By Maurya Scanlon

Here in Spartan Nation, we consider each and every single racer to be spectacular simply for coming out and crossing the finish line. There are a few, however, that excel as Spartans such as Mandy Gill, Katy McCabe, Shannon Roche, Andy Andras, and others whom we’ve highlighted on this blog. One such person is Mathieu Morin from Montreal. He is a dedicated competitive swimmer, one of four brothers and all-around Spartan badass. And… he’s fifteen.

Mathieu with Spartan Champion, Hobie Call

Mathieu initially caught our attention, because he is the youngest person to have completed the Spartan trifecta: Sprint, Super and Beast. I had the pleasure of speaking with him earlier this week after what I presume was yet another swim practice. When he first told me he was a swimmer dedicating at least eighteen hours of training per week and going to high school (which means homework) my thought was “and you find time to do Spartan Races how?” I concluded that in addition to being an amazing teenage athlete, he also had magical time-traveling powers allowing him to do more in one day than we lame adults are able to do.

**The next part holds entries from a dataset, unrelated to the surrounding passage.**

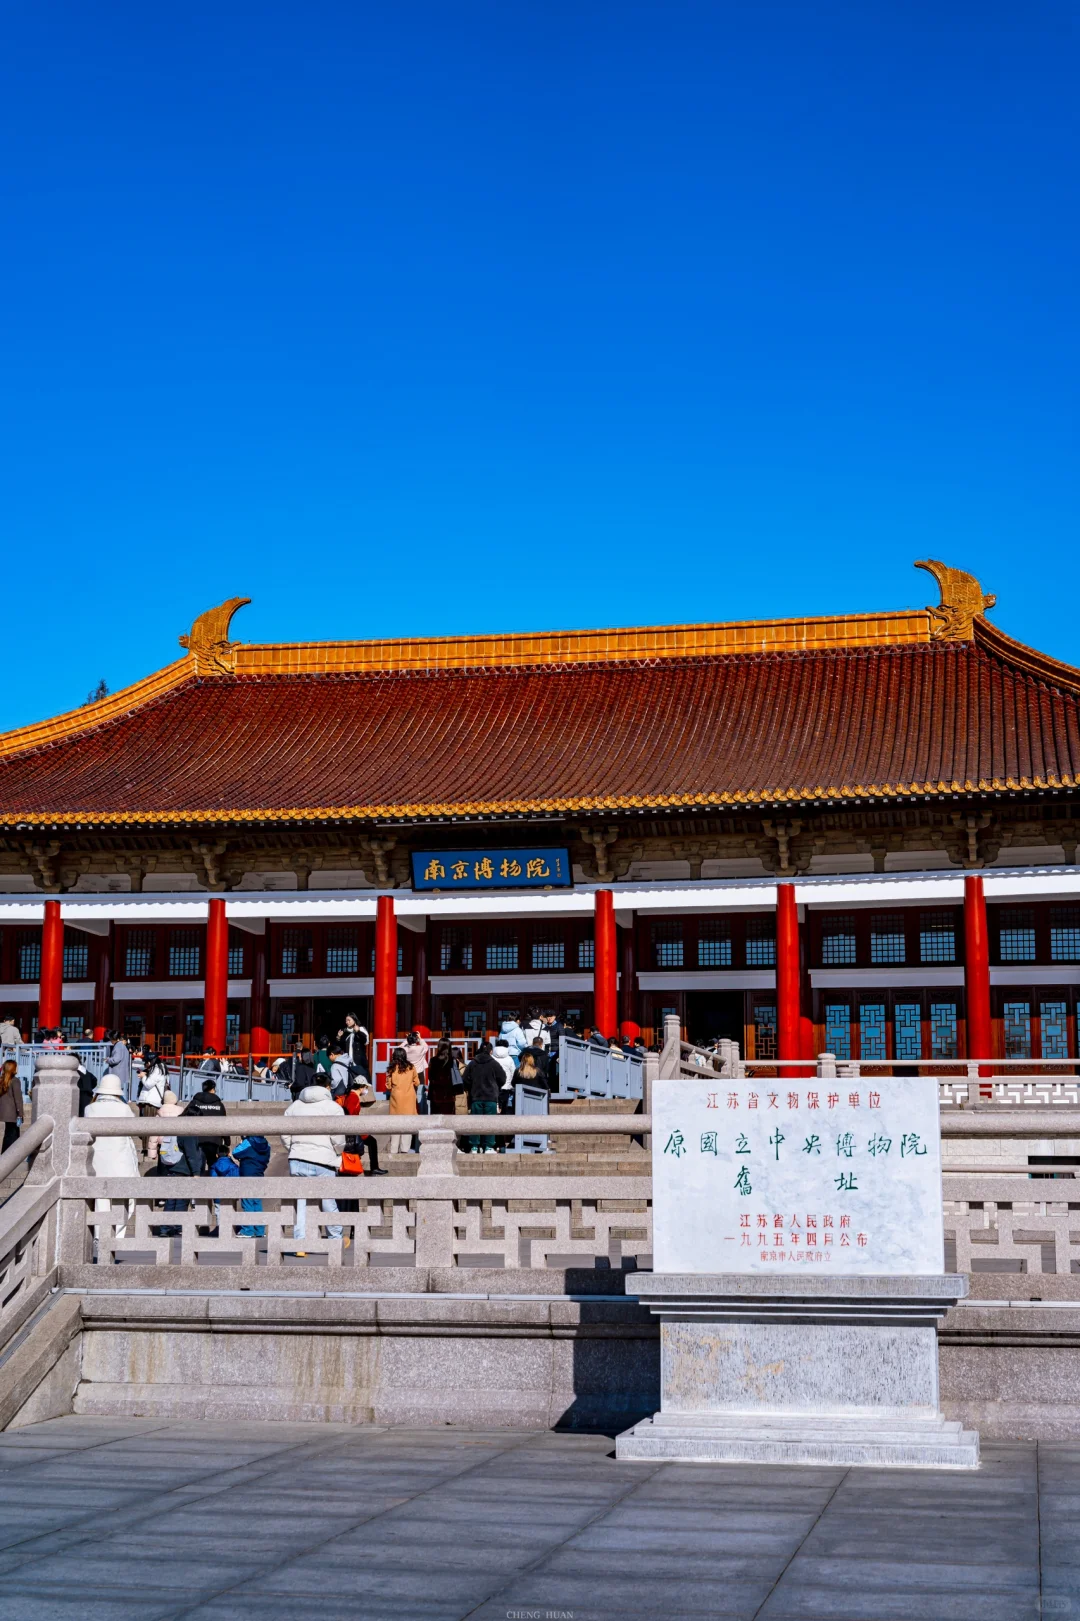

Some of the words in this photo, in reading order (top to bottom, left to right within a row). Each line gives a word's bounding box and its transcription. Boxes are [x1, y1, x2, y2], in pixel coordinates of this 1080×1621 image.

[423, 857, 550, 881] 南京博物院
[706, 1091, 882, 1109] 江苏省文物保护单位
[663, 1127, 928, 1160] 原國立中央博物院
[739, 1214, 852, 1228] 江苏省人民政府
[723, 1232, 869, 1247] 一九九五年四月公布
[760, 1250, 832, 1262] 南京市人民政府立
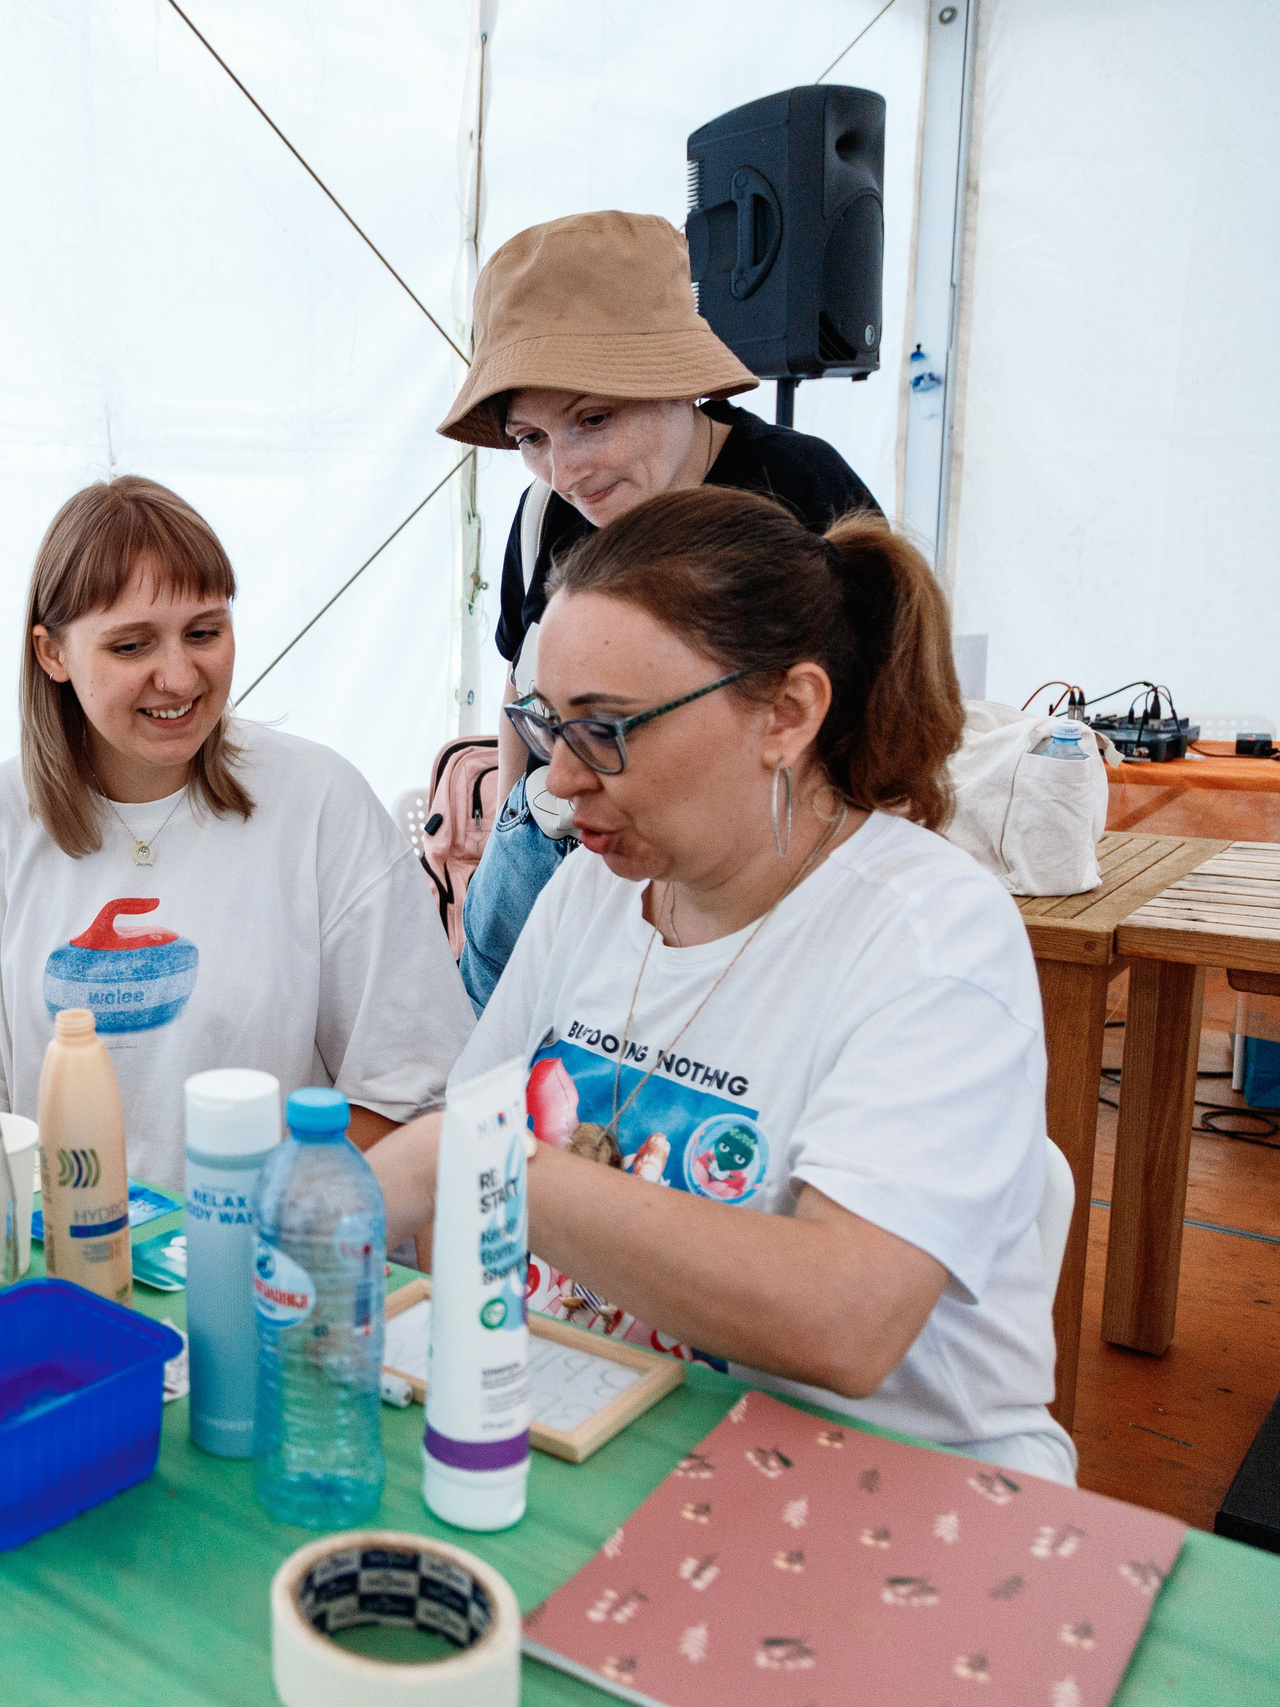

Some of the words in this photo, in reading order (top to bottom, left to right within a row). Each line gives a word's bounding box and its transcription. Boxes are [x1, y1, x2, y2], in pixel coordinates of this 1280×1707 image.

Anyway, one of Mathieu’s brothers first introduced him to Spartan Races with a video that he had found online. The moment Mathieu saw the video, he decided that he had to do at least one race. He registered for the Montreal Sprint to see what it was all about and then he was hooked. I jokingly said to him “You’ll know at the finish line, right?” and his response tickled me. “You’ll know at the finish line? You’ll know at the first obstacle!” He explained to me that his only goals for his first Spartan were to have fun and to finish. After that, however, he became determined to race them competitively. He registered for the Vermont Beast and the NY Super much to his thirteen year old brother’s delight. The youngster immediately informed Mathieu of his intent to do the trifecta as well when he was old enough. His goal would be beating all of Mathieu’s times. Apparently a competitive nature is in the Morin DNA. The whole family is Spartan!

Mathieu ran the Beast with his father and another brother,  and the Super Spartan in Staten Island, which he also ran with his brother. I asked him if he was concerned about injury during any of the races, because it could jeopardize his swimming regimen. His response was “I like it. I do the race. I don’t care.” Well, that settled that.  He recalled being stressed about the race before it, because he knew it would be difficult.  It ended up going well for him.  “It was really hard, especially when I arrived at the [sand bad part].  That was the hardest,” he shared.  I agreed COMPLETELY!  He went on, “Also, what killed me was when I thought I [had done] ten miles, [the volunteers] said to me, ‘You’ve only done half.’  I was so disappointed, so I said to myself that I would not go back to Montreal without the metal of a Spartan Beast Finisher.”  I asked him how he felt after having finished.  He laughed, “After the race I was tired, but I was feeling like a man, and I was proud of myself.  Also, I got three days of pain [afterwards].”  I informed him that the feeling he experienced was called the “it hurts so good.”

He sent us a video (below) of him crossing the finish line.  He edited it himself!  I asked him what his friends thought about the race, and he got excited.  Mathieu gloated, “When my friends saw the video, they were like ‘wow where was that?  It’s really cool.’”

Since the Staten Island Super was still fresh in both of our minds (and by that I mean we’re both recovering from cuts and bruises sustained at said race), we dove right into his experience. Mathieu recalled that “running on the beach and the nine foot walls were the hardest.” He and I could not have been more liked-minded about this race if we had shared a brain. He recalled the fatigue in his legs from running in the sand. As I sat there, my muscles began to ache with the memory as well. I wondered if he had narrowed his eyes at the sight of the tall-wall as I did. I asked. He laughed, and that was my answer. True to form, he brought all he could to the race and placed 5th in his heat.

I reiterated to him that completing the trifecta was no easy feat, and I was quite impressed with him. Because we encourage Spartans of every age to participate, I asked him if he had any advice for people within his age group (including his younger brother). He replied, “Start at the Sprint and work your way up.” He added, “I hoped to demonstrate that young people are definitely able to do these races with training.”